In addition to the pathways described for the mouse cultures, human WM astrocyte transcripts showed differences between VWM and controls that were associated with GO terms that we categorized as “Neuronal Functioning” and “Vasculature‐Related.” The DEGs related to neuronal functioning include upregulation of GRID1, GRIA2, and GRIN2A in VWM, which encode subunits of membrane ionotropic N‐methyl‐D‐aspartate and α‐amino‐3‐hydroxy‐5‐methyl‐4‐isoxazolepropionic acid receptors. A downstream effect of activation of these receptors is stimulation of the adenosine triphosphate (ATP)‐driven Na⁺ pump. This induces glycolytic upregulation of ATP and lactate in astrocytes, as well as regulation of the extracellular potassium concentration, because the ATP‐driven Na⁺ pump actively pumps potassium into the cells.30 The channel protein AQP4 is regulated by extracellular potassium levels and involved in water permeability of astrocytes, which can lead to neurotoxicity and myelin defects when dysregulated.31 Interestingly, VWM human WM astrocytes showed increased AQP4 levels. DEG analysis also included increased expression of SLC6A1, SLC6A11, and GABBR2 in VWM, which encode major transmembrane γ‐aminobutyric acid (GABA) transporters GAT‐1, GAT‐3, and GABAb receptor subunit 2, respectively.32 Increased extracellular levels of GABA, released by interneurons for example, lead to astrocytic Ca2⁺ elevations mediated by GABAb receptor activation. This may further lead to astrocytic glutamate release, thereby potentiating inhibitory synaptic transmission, and to astrocytic ATP/adenosine‐mediated heterosynaptic suppression affecting excitatory transmission.32 This confirms earlier findings that neuronal dysfunction in VWM should not be overlooked.33

Our human transcriptome data furthermore showed a number of DEGs involved in mitochondrial functioning, including CTGF, CYP1B1, NTRK2, CNR1, TBX2, and MT2A. CNR1, driven by PAX3 expression,34 both of which are upregulated in VWM human WM astrocytes, is known to regulate mitochondrial functioning and protects against neuroinflammation resulting from oxidative stress.35, 36, 37 TBX2 was also upregulated in VWM human WM astrocytes. In astrocytoma cell lines, TBX2 has been shown to promote proliferation, to inhibit cleaved caspase 3–mediated apoptosis by stimulating mitochondrial fission, and to increase mitochondrial DNA content.38 In contrast to the protective effect of TBX2, our VWM human WM astrocytes also showed a decreased expression of MT2A, an antioxidative, anti‐inflammatory, and antiapoptotic metallothionein secreted by astrocytes that is well known for its neuroprotective properties.39 Mitochondrial mechanisms involved in VWM pathophysiology corroborate recent findings in primary astrocytes of Eif2b5 ^R132H/R132H mice indicating that an impaired oxidative phosphorylation in these cells is compensated by increased mitochondrial content and glycolysis.28 Thus, these pathways deserve further study to determine whether these can target for therapeutic strategies.

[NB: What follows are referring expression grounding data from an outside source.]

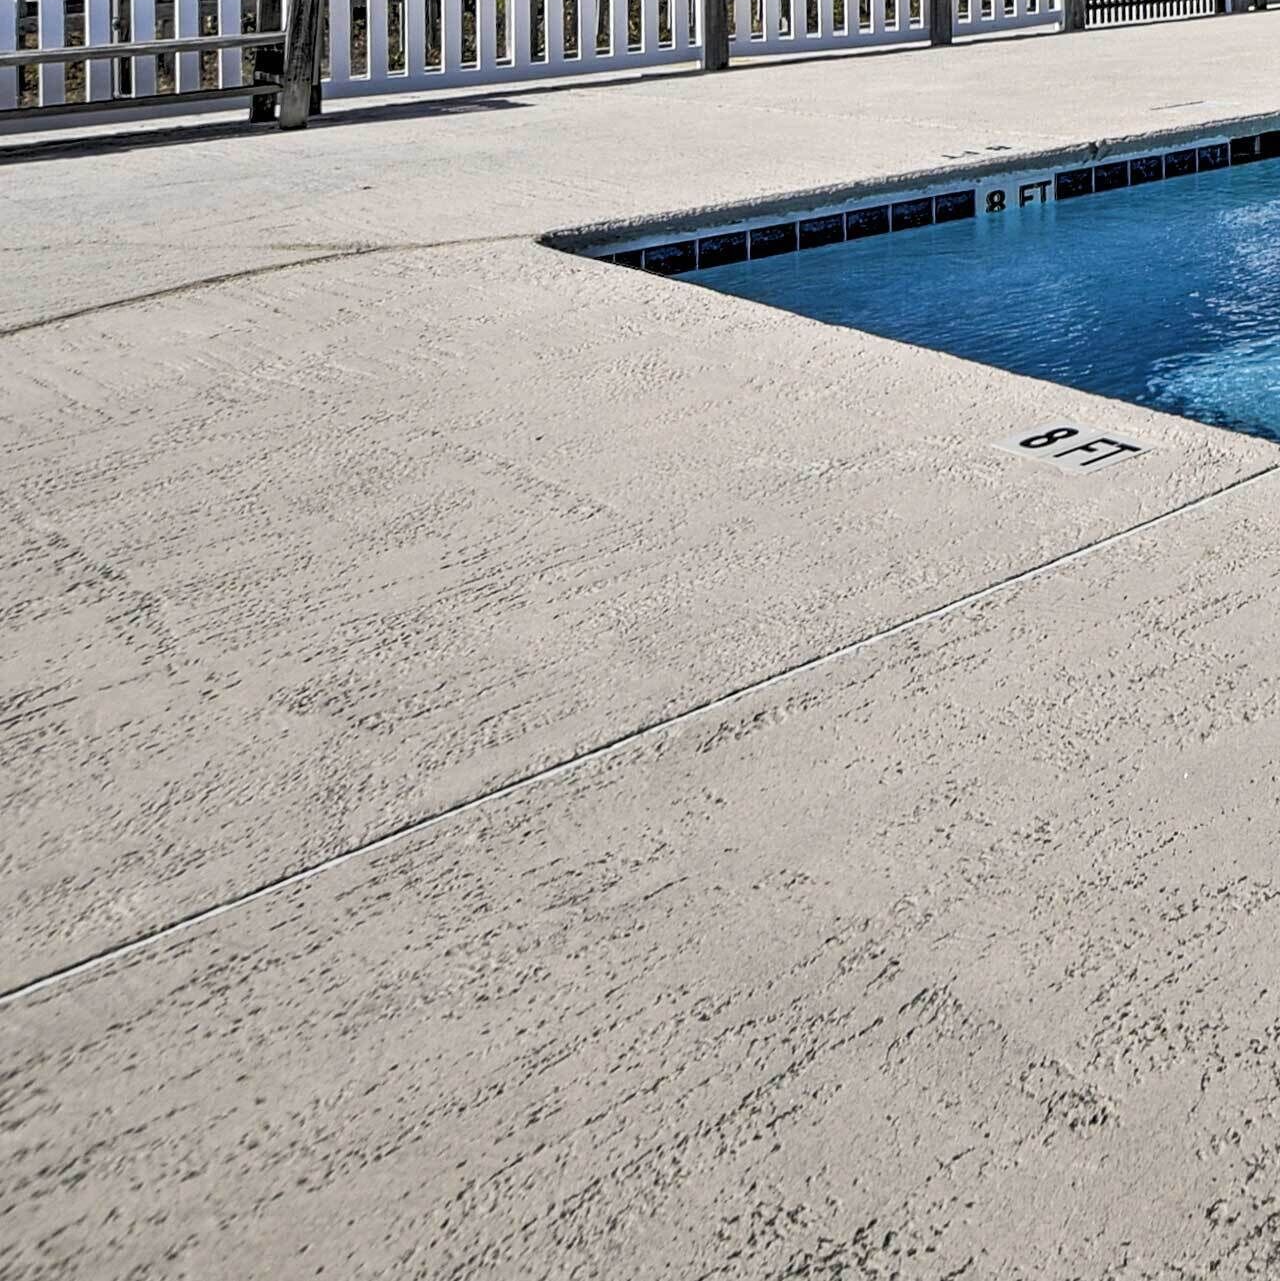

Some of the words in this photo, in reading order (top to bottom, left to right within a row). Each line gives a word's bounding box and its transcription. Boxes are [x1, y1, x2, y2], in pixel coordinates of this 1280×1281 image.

[985, 189, 1006, 213] 8
[1019, 180, 1052, 208] FT
[1019, 427, 1079, 449] 8
[1053, 437, 1142, 466] FT
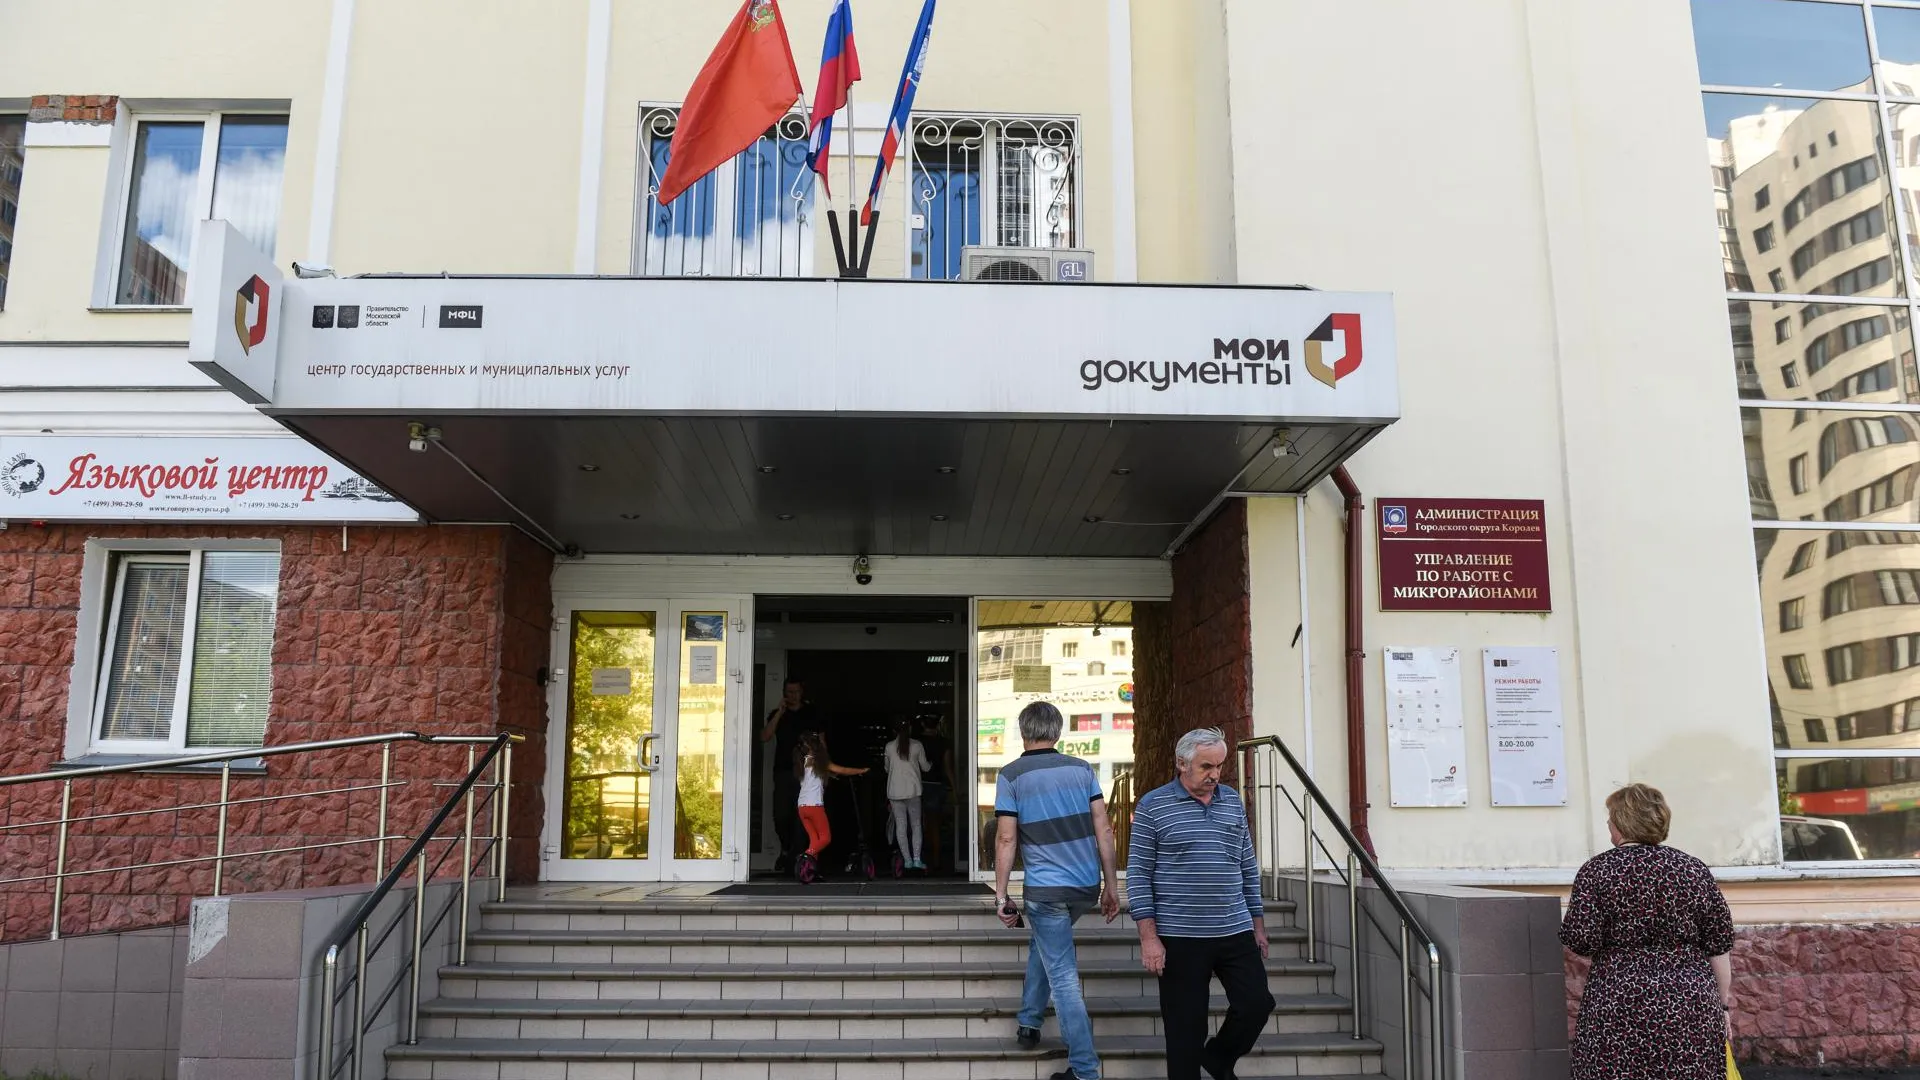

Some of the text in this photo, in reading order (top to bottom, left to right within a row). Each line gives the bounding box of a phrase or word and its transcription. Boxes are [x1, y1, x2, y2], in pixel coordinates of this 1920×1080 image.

[366, 305, 410, 313] Правительство
[448, 310, 477, 321] МФЦ
[307, 364, 632, 379] центр государственных и муниципальных услуг
[1080, 358, 1291, 391] документы
[49, 453, 328, 502] Языковой центр
[1415, 509, 1540, 521] АДМИНИСТРАЦИЯ
[1415, 523, 1468, 533] Городского
[1469, 524, 1500, 533] округа
[1414, 553, 1513, 566] УПРАВЛЕНИЕ
[1416, 570, 1513, 582] ПО РАБОТЕ С
[1393, 585, 1538, 599] МИКРОРАЙОНАМИ
[1498, 740, 1535, 748] 8.00-20.00

In conclusion, the transcript analysis confirmed pathways previously implicated in VWM, such as SHH and extracellular matrix–related proteins. Additionally, the immune system presented itself as a potential target. Interestingly, human specific signaling pathways that emerged suggested interaction with neuronal functioning and with the vasculature. Of note is the increased expression of various glutamate receptors as well as transmembrane GABA transporters. Finally, the finding of altered expression of a number of genes associated with mitochondrial functioning adds to recent insights in mitochondrial dysfunction in VWM pathology. Altogether, we have created new disease models for VWM using iPSC‐derived white and gray matter–like astrocytes, and have demonstrated intrinsic vulnerability of the white matter–like subtypes in VWM. The use of the presented in vitro models may greatly aid further exploration of these new pathways possibly involved in VWM pathophysiology, and can be used in compound screening studies for drug development.

Author Contributions

P.S.L., S.D., A.E.J.H., and V.M.H. contributed to conception and design of the study; P.S.L., S.D., A.E.J.H., K.W., G.J., P.C.‐S. and L.G. contributed to the acquisition and analysis of data; P.S.L., S.D., A.E.J.H., M.S.v.d.K., and V.M.H. contributed to drafting the text and preparing the figures.

Potential Conflicts of Interest

Nothing to report.

Supporting information

Table S1

Click here for additional data file.^{(12.3KB, xlsx)}

Table S2

Click here for additional data file.^{(1.7MB, xlsx)}

Table S3

Click here for additional data file.^{(1.6MB, xlsx)}

Table S4

Click here for additional data file.^{(1.7MB, xlsx)}

Table S5

Click here for additional data file.^{(1.7MB, xlsx)}

Acknowledgment

This research is funded by a ZonMw VIDI research grant (91712343, V.M.H.), a European Leukodystrophy Association research grant (2014‐012L1, V.M.H.), an E‐Rare Joint Call project (9003037601, V.M.H.), and an NWO Spinoza grant (M.S.v.d.K.).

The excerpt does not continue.